Changes in Marriage Ages

In 1973, it seems that Riner marriage age had been considerably lowered in some families , young girls barely pubescent boys of 16 were married .
In some cases, girl’s parents try to convince the suitors that their daughter is too young even if the marriage is obligatory.
Some say that these changes are caused by the need for money, the girl’s fathers wanting to get the girl’s bride service the earliest possible. The first gift exchanges can even now start when the girl is only 8 years old  and marry after her puberty. Theses cases took place in families following  the Kaduna laws on early marriage ages of girls.
Formerly, a young man would not marry until he had finished his Berdje grade in work groups.
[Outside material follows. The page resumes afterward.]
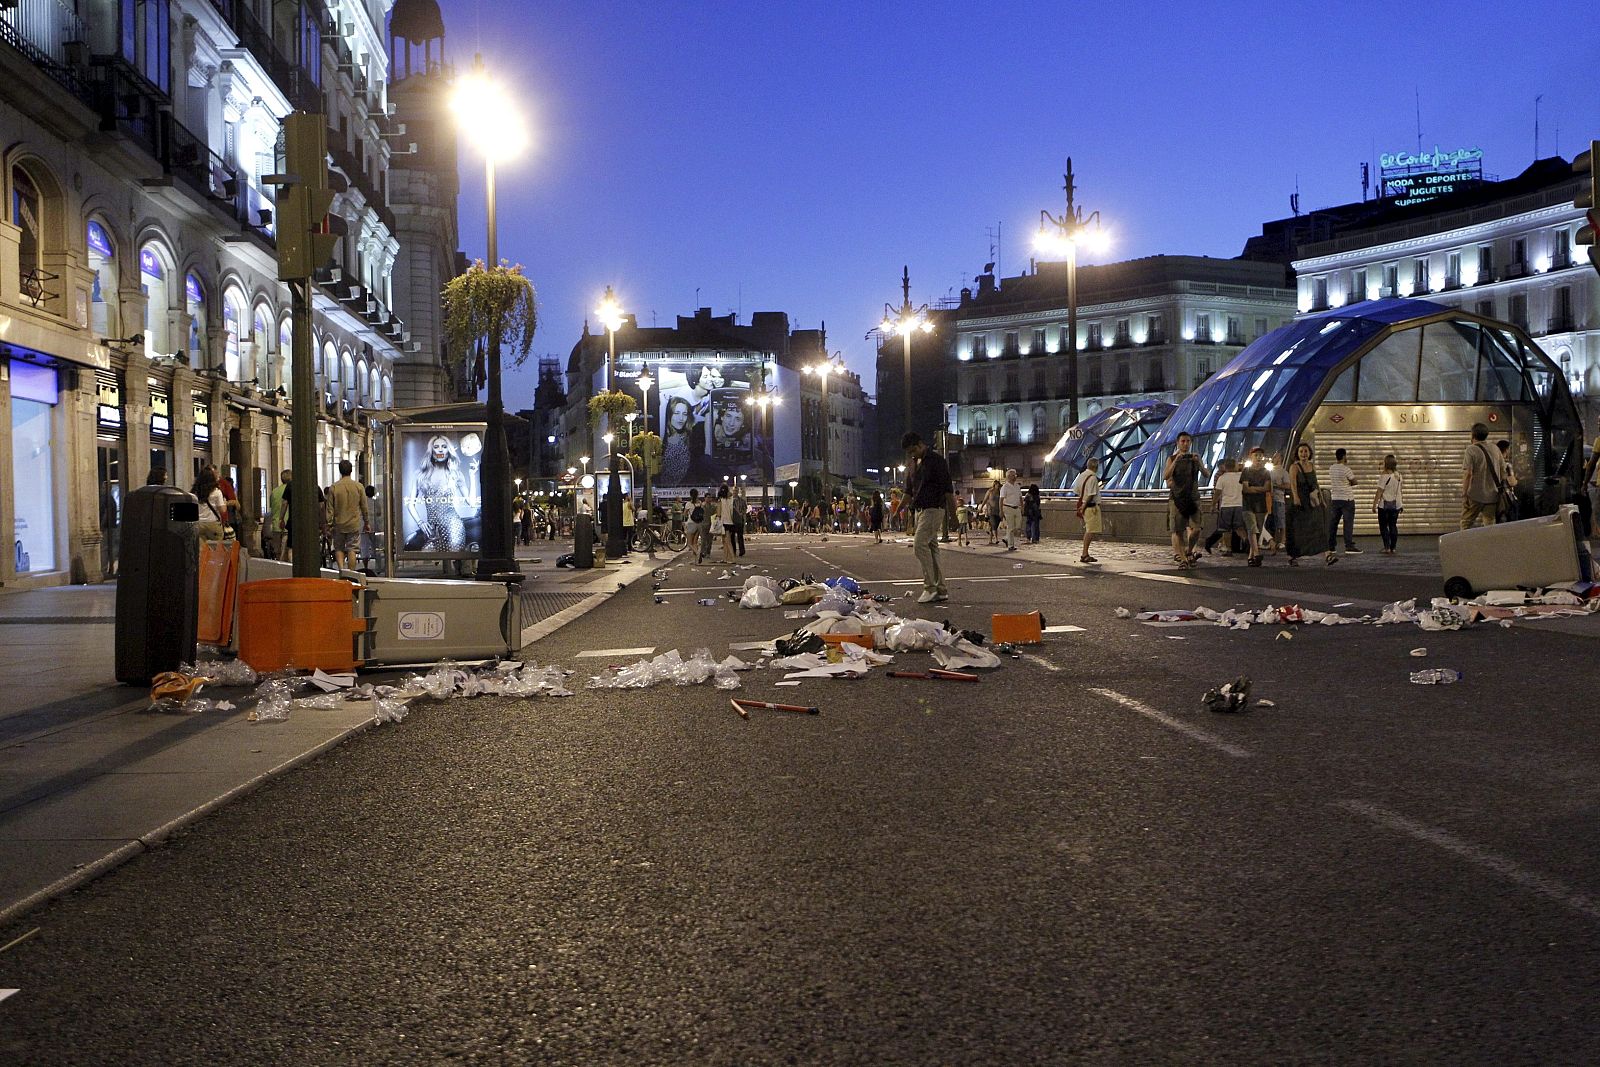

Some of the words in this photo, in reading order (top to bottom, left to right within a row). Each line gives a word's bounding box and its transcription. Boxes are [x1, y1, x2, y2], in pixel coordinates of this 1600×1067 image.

He had to wait for his father to recognize his autonomy by giving him a large hoe and a horse as a sign of becoming an adult.

Riner Duties

Riner marriages having a special status , the wife and the husbands also have special obligations.
For example, the riner wife has to “tame” the new acha crop (fonio:digitaria exilis).
This responsibility is very important but very hard to accomplish because threshing and husking of acha are very strenuous.
This is a time-consuming task because the grains are extremely small, 1-1.5 mm long and difficult to manipulate.
She is also closely associated with the most prestigious of men’s possession, namely horses and closely linked to her husband should he become a celebrated hero in hunting or war.
Riner men’s main duty toward the riner wife is doing their utmost possible to cure their riner wife if she ever gets sick.
The Riner wives are prone, if seriously ill, to return to their first husband if they do not reside with him, assured that they will get the best possible care.

Riner Bride Services

For riner, for four successive years, a man must give bundles of sorghum and summons about ten of his mates either to get grass and thatch a house or hoe a field for in-laws.
In addition, he must provide one goat, a bar of salt and a sum of money (three to five 1973 Nairas)
A man must, every year, hoe a plot for the mother and also give her bundles of sorghum and millet.
He also has to give three goats, two hoes and a big basket of acha and beans, and the equivalent of twelve to fifteen Nairas.
On the following day of her first marriage, the husband must undertake the most important collective work for his father-in-law. He has to bring a group of about sixty young men of his patriline to hoe his farm and transplant his millet.
This work is called ipↄnu and is characterized by a special drumming style called aganga tima reserved for this work only.
This labor is followed by a series of smaller labor during the following month.
At the end of this period, the women have the right to move to the home of her Kiso husband. However, few women do so.
They prefer to remain with their first husbands throughout the following dry season since, if they do so, they will be rewarded by their riner husband parents with a large dowry.
The dowry consists of thirty pots, assorted baskets and winnowing trays, calabashes, firewood and so on.
Women who do not stay so long with their first husbands are denied this dowry; thus about 75% of women do remain and stay until the next rainy season.